En saco roto (textos de ficción)
Tamujas

Lo que ocurrió fue que nos limitamos a escribir sobre una página en blanco la fecha del día, el nombre de la asignatura y las palabras que el profesor había escrito en el encerado. Eso fue todo.
Javier de Frutos
21 may 2024 06:00

El profesor entró en la clase, subió a la pequeña tarima y dijo: “Una vez planté un pinar con mi padre y cada día, ahora que lo olvido casi todo, me acuerdo de aquella mañana”. Luego se giró, escribió en el encerado la frase que acababa de pronunciar, bajó de la tarima, abrió la puerta y se despidió con una recomendación: “Procuren hacer algo que merezca la pena recordar”.

Me gustaría decir que le hicimos caso —guiados por la urgencia que él sugería—, pero no sería cierto. Lo que ocurrió fue que nos limitamos a escribir sobre una página en blanco la fecha del día, el nombre de la asignatura y las palabras que el profesor había escrito en el encerado. Eso fue todo. Luego pasamos el resto de la hora de clase comentando aquella intervención y haciendo bromas al respecto. Alguien sugirió que aquel profesor no volvería a aparecer por clase.

Pasó el otoño con su colección de días lluviosos y no apareció. Supimos entonces que no era la primera vez que había despachado así su primera clase. Y supimos también por boca de una alumna de un curso superior que el profesor era conocido como Tamujas, porque, en sus charlas en una café cercano a la facultad, terminaba siempre hablando de las tardes de verano de su infancia, cuando caminaba pisando tamujas por el sendero que llevaba hasta el río. “¿Sabéis qué son las tamujas?”, preguntaba entonces. Y, complacido ante la ignorancia general, se enredaba en una explicación sobre las cualidades de esas hojas afiladas de los pinos que se llaman tamujas.

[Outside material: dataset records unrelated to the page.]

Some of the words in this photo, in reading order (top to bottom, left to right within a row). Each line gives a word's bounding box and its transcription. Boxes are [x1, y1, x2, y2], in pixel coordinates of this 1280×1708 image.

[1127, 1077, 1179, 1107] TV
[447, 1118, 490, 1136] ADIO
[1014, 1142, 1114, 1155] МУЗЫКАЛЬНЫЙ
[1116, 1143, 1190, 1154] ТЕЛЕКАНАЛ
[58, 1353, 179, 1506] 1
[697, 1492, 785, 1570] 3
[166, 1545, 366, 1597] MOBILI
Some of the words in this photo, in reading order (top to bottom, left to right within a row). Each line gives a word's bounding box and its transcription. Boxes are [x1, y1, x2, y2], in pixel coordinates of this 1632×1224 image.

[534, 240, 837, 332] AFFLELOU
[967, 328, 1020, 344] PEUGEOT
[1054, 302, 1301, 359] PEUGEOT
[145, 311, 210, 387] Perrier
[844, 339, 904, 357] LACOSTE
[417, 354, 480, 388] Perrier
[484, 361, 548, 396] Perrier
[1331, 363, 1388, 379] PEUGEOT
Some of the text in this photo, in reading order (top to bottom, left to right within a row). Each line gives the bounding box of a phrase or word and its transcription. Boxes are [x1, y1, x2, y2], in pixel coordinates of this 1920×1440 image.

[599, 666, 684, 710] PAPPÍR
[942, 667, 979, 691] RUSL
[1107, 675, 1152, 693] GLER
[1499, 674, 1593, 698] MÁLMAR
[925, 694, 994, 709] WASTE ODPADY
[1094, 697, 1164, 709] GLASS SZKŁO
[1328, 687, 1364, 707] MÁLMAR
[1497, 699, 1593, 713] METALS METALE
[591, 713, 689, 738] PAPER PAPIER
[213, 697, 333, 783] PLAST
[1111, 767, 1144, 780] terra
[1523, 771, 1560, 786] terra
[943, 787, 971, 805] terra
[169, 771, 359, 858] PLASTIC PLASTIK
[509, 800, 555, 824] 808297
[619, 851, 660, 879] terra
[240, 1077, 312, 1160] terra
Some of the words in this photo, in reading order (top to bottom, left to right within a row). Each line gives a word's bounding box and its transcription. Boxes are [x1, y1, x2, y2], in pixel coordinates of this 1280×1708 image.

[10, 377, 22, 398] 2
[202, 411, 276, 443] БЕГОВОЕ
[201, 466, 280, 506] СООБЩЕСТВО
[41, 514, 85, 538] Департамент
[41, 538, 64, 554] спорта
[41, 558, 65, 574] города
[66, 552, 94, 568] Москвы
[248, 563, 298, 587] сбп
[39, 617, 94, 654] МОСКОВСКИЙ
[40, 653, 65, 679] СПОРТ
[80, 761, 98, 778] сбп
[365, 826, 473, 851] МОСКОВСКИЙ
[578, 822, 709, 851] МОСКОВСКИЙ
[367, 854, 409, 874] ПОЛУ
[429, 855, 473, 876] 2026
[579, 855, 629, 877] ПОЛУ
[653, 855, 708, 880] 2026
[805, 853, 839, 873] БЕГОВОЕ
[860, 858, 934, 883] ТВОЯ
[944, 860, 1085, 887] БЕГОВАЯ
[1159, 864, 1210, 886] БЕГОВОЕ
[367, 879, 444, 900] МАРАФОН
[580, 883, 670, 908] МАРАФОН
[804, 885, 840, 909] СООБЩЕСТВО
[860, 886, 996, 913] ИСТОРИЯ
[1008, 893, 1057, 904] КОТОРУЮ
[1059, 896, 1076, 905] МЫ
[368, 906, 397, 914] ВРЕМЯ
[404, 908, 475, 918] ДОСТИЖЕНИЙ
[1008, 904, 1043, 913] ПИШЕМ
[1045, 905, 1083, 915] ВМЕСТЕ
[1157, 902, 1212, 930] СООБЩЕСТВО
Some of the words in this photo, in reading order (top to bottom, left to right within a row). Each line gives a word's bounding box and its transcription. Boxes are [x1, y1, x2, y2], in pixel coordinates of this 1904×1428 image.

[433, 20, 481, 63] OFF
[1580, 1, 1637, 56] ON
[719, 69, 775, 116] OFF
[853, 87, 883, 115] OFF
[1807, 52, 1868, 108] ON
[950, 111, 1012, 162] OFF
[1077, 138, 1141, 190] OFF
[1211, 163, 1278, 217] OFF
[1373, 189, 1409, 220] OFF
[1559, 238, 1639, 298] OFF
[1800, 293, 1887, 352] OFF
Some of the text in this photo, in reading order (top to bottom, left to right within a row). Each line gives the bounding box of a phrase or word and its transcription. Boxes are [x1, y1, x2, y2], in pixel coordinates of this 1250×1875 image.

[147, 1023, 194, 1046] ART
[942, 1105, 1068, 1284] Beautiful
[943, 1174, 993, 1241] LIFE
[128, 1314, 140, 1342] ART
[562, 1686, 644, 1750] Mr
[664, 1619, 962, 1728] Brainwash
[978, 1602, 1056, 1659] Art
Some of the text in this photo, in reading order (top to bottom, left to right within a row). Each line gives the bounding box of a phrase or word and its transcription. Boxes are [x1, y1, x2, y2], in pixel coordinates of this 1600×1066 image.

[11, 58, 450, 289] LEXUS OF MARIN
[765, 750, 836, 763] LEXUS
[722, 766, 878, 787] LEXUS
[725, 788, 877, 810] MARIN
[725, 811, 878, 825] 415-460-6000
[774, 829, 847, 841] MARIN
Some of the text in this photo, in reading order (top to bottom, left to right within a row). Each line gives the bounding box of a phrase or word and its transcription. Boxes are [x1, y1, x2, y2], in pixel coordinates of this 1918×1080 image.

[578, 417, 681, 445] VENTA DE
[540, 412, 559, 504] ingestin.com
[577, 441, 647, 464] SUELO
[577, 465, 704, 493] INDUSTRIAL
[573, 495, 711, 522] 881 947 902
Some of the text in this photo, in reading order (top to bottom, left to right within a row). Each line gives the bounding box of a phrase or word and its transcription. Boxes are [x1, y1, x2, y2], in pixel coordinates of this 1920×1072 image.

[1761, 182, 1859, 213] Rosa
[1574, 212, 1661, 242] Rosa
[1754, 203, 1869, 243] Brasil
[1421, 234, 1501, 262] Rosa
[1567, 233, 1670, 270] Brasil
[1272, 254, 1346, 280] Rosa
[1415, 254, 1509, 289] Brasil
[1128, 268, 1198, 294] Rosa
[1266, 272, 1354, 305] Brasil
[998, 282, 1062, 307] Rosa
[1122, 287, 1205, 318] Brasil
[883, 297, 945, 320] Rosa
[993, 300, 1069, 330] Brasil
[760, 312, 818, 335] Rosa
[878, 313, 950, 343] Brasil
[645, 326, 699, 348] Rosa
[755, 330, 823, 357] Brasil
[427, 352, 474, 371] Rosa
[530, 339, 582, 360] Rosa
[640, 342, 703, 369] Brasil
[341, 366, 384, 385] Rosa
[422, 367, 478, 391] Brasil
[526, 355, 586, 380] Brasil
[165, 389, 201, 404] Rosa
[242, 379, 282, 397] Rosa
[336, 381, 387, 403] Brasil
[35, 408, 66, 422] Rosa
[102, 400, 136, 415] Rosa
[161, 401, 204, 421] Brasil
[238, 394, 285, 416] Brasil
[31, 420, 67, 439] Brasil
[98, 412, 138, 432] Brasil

Tamujas tampoco dio señales de vida durante el invierno. No recuerdo quién contó entonces que hacía tiempo que no aparecía por el café en el que era un habitual. Y alguien aventuró que quizá fueran ciertos los rumores de que estaba hospitalizado por una enfermedad grave. Nadie se molestó en confirmarlo. El rumor se convirtió pronto en una verdad que nadie discutía. Tampoco nadie vino a sustituir a Tamujas. La hora de clase de su asignatura —lunes, miércoles y viernes de 15 a 16 horas— se asentó como una hora libre para prolongar la comida o para estudiar otras asignaturas —en el caso de los alumnos más entusiastas—.

Y por fin llegó la primavera. Las horas de luz se fueron ensanchando y las paredes de la facultad resultaban cada día menos acogedoras. Tamujas siguió sin aparecer. Algunos lo dieron por muerto. Los alumnos más entusiastas, guiados entonces por un espíritu práctico, comenzaron a trabajar en el espinoso asunto de la evaluación de aquella asignatura inexistente. ¿Qué nota nos pondrían ante aquel vacío? ¿Quién sería el responsable de evaluar la nada? ¿Quién preguntaría en los despachos de qué forma iba a terminar la historia de la asignatura desconocida? Con espíritu democrático —es decir, en una caótica asamblea—, un grupo de alumnos decidió que la responsabilidad de tratar de resolver las dudas sobre la evaluación de la clase de Tamujas debía recaer en el delegado y el subdelegado. Ambos, personas expertas en desentrañar las incógnitas de la burocracia universitaria, se dirigieron una tarde de abril a uno de los despachos del departamento de Tamujas. Al día siguiente informaron de sus conclusiones: “Tamujas aparecerá la primera semana de mayo y dará instrucciones precisas sobre cómo aprobar su asignatura”. Y así ocurrió.

Tambaleante y avejentado, Tamujas apareció en la clase a las 15h del primer lunes de mayo. No se entretuvo en saludos ni en explicaciones. Se limitó a recordar cómo fue aquella mañana. Dijo que primero estuvieron en un pinar recogiendo resina. Su padre le explicó que la resina serviría para endurecer el esparto de la suela de las alpargatas. De ese modo durarían todo el verano. Luego caminaron hasta un terreno irregular, salpicado de arbustos. Y allí se dedicaron a plantar una veintena de brotes de pino.

Concluida la evocación, Tamujas se quedó en silencio. Nadie se atrevió a romper aquel instante. Entonces dijo, a modo de despedida, que había decidido otorgar un aprobado general. Añadió finalmente que, si alguien quería subir nota, podía leer El príncipe, de Maquiavelo, y presentarse a un examen sobre esa lectura el lunes siguiente.

No recuerdo por qué decidí leer El príncipe y presentarme a aquel examen. Pero sí recuerdo los ojos de Tamujas cuando se lo entregué. Creo que sonreían.